▶ **Problem**
A faithful copy is required. Print each line of the data exactly and omit the pictures.
= = = = = = =
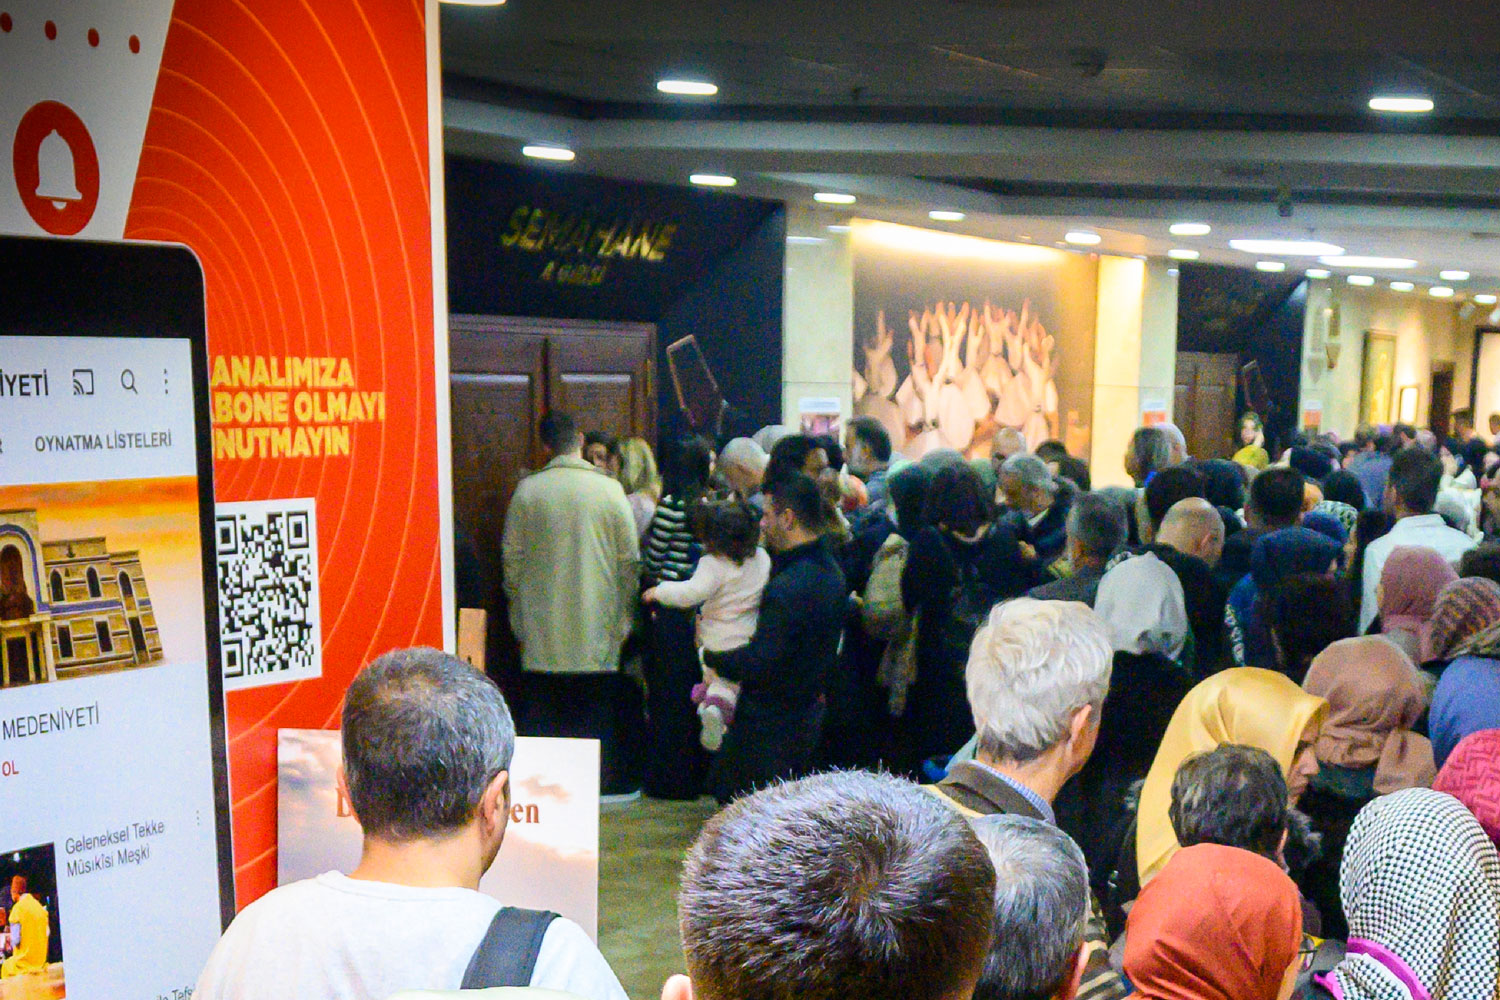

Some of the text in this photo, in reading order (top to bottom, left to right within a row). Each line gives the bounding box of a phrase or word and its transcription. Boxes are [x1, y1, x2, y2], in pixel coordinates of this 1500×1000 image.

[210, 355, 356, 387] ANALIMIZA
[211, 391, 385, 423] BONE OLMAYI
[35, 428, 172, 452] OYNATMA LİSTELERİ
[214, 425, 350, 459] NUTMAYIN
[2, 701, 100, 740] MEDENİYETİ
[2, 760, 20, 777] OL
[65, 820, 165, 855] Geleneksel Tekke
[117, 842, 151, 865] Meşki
= = = = = = =
▶ **Result for this task**
Some of the text in this photo, in reading order (top to bottom, left to right within a row). Each line gives the bounding box of a phrase or word and its transcription. Boxes are [x1, y1, x2, y2], in pixel coordinates of this 1500×1000 image.

[210, 355, 356, 387] ANALIMIZA
[211, 391, 385, 423] BONE OLMAYI
[35, 428, 172, 452] OYNATMA LİSTELERİ
[214, 425, 350, 459] NUTMAYIN
[2, 701, 100, 740] MEDENİYETİ
[2, 760, 20, 777] OL
[65, 820, 165, 855] Geleneksel Tekke
[117, 842, 151, 865] Meşki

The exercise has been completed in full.